In this week's New Yorker, Malcolm Gladwell has an interesting article with the hook --
What’s behind Ireland’s economic miracle—and G.M.’s financial crisis?
The answer? The dependency ratio, the ratio of dependents (children and retirees) to the working-age population. In the Irish context, he's relying on recent economic research findings, as he explains:
.. as the Harvard economists David Bloom and David Canning suggest in their study of the "Celtic Tiger," of greater importance may have been a singular demographic fact. In 1979, restrictions on contraception that had been in place since Ireland’s founding were lifted, and the birth rate began to fall. In 1970, the average Irishwoman had 3.9 children. By the mid-nineteen-nineties, that number was less than two. As a result, when the Irish children born in the nineteen-sixties hit the workforce, there weren’t a lot of children in the generation just behind them. Ireland was suddenly free of the enormous social cost of supporting and educating and caring for a large dependent population. It was like a family of four in which, all of a sudden, the elder child is old enough to take care of her little brother and the mother can rejoin the workforce. Overnight, that family doubles its number of breadwinners and becomes much better off.

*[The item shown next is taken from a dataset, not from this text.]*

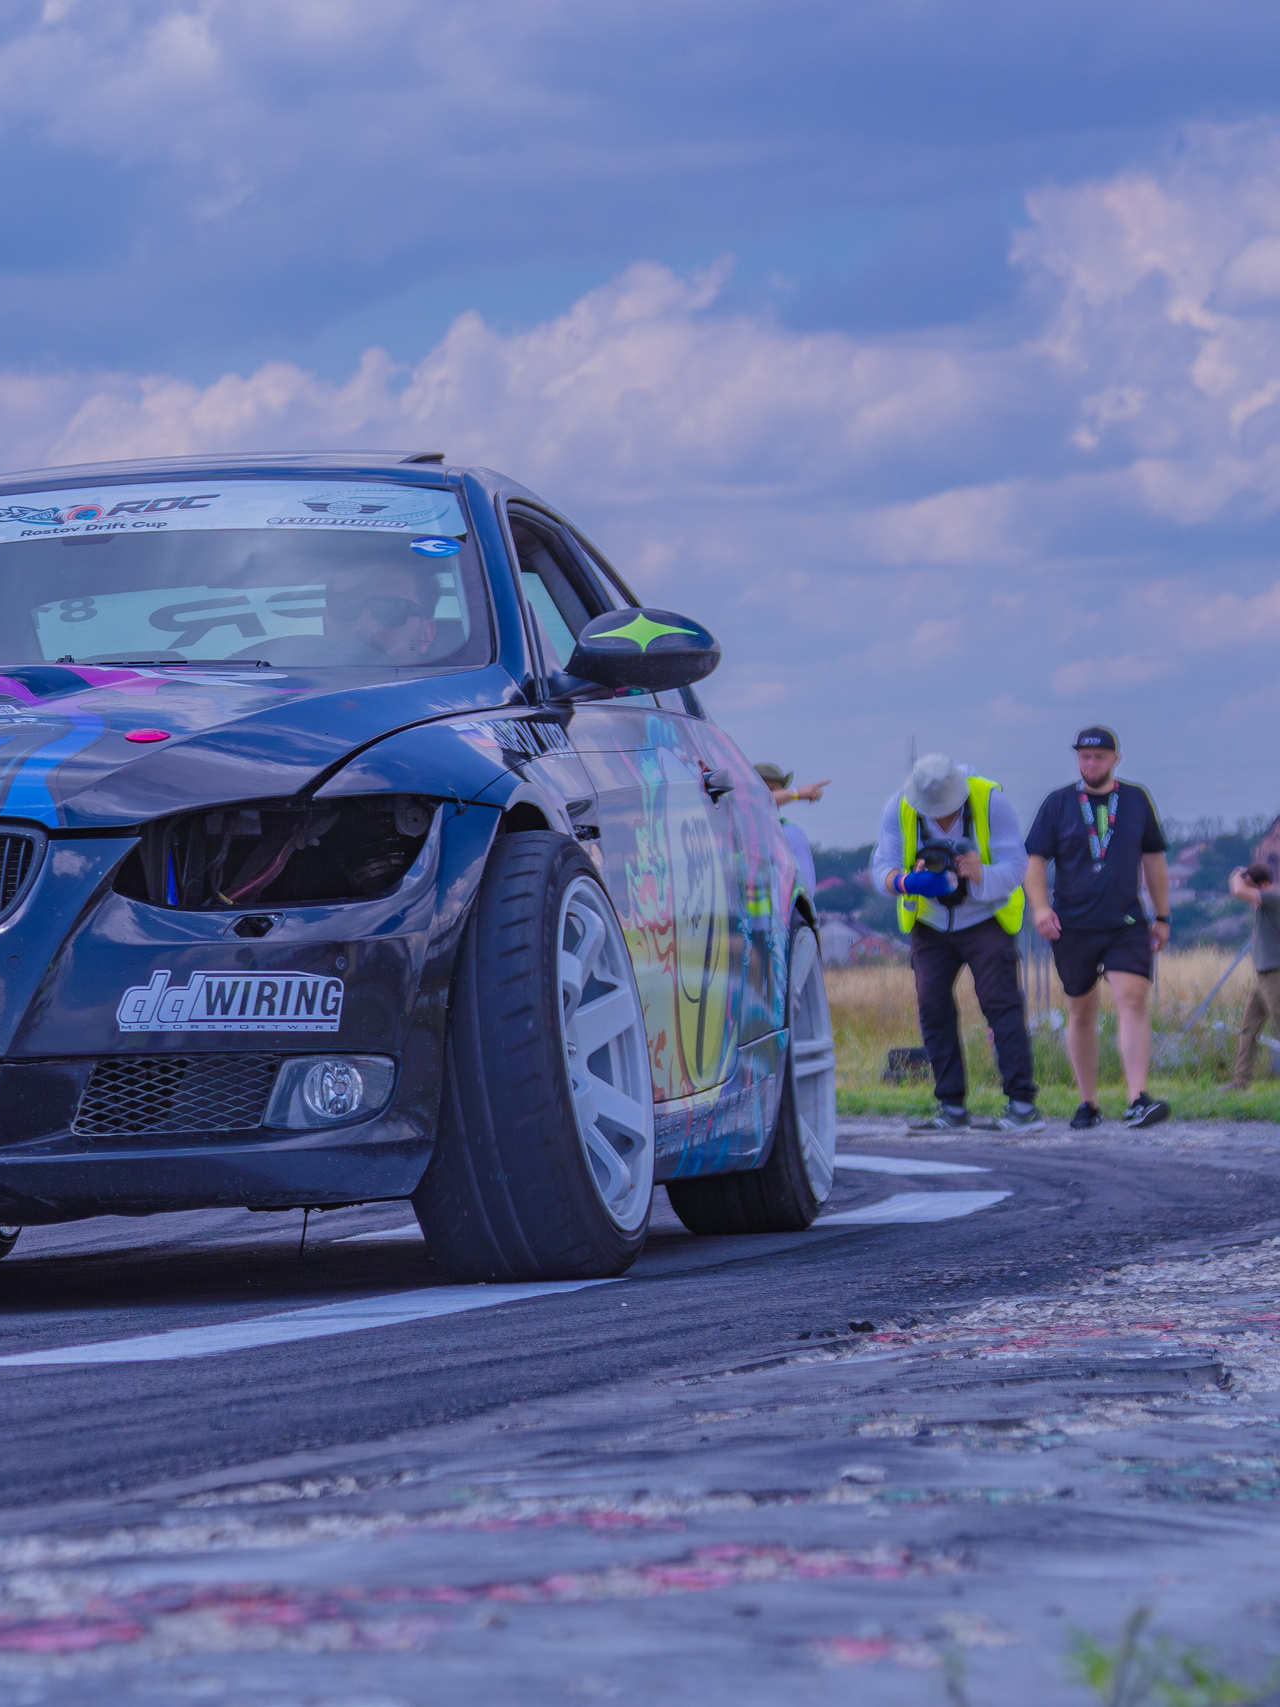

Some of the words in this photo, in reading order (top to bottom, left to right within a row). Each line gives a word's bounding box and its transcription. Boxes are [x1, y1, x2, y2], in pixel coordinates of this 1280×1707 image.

For General Motors, the corresponding issue is that of laid-off and retired workers who must still be supported by the firm's cash flow, a consequence of American reliance on corporate safety nets.
While it's doubtless that something as basic as the number of people who must be supported by others can explain quite a bit about the world, it's less clear that the contraception-induced transition in Ireland is quite as dominant as the Harvard researchers argue. For one thing, what was this big reform in 1979? It was availability of condoms with a doctor's prescription. Now perhaps it was always intended that this was a law to be more honoured in the breach than in the observance, but such a half-hearted law could not itself be the ingredient of a big societal reform. Furthermore, the law itself could have reflected an emerging preference for smaller family size -- a bunch of different things were going on at the same time.

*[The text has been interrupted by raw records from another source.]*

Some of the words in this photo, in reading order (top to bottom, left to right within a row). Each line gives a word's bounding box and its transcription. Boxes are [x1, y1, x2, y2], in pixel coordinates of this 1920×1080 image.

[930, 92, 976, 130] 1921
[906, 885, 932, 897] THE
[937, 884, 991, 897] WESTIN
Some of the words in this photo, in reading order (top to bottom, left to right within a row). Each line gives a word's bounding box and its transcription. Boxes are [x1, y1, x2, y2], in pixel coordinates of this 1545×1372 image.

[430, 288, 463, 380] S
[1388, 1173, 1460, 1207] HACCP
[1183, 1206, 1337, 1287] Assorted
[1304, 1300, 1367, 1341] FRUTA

More seriously, there's one thing missing from the reliance on dependency ratios, and it's also one thing that makes the Ireland-GM analogy a bit strained: unemployment. Of course it's good for a country to have an age distribution that results in plenty of working-age people relative to children and retirees. But working-age is not the same as working. If all these young people can't find jobs, then they're effectively part of the dependent population too. And in 1980s Ireland, they could not, for well-known reasons: a fiscal crisis, a paralysed political system, and deeply unfavourable global economic developments.
Instead, the country was forced into a 3 part strategy for dealing with its bulging working-age population: emigration, college education, and unemployment benefits. The last in particular being very costly and contributing the budget crisis that was the source of problems in the first place. Only in the late 1980s, when a political consensus emerged for retrenchment, world interest rates had fallen, and long-standing corporate tax policies and EU membership finally kicked in, did the boom begin. Helped along of course by the ready-supply of working-age people at home and abroad, who now had something to do.
UPDATE: The actual Bloom and Canning paper does make similar qualifications, which don't appear in Gladwell's account. And more Gladwell blogging via Deal Breaker here and here.
FINAL UPDATE: More analysis on this Slugger O'Toole thread, and Gladwell responds to critics (and adds caveats) on his own blog.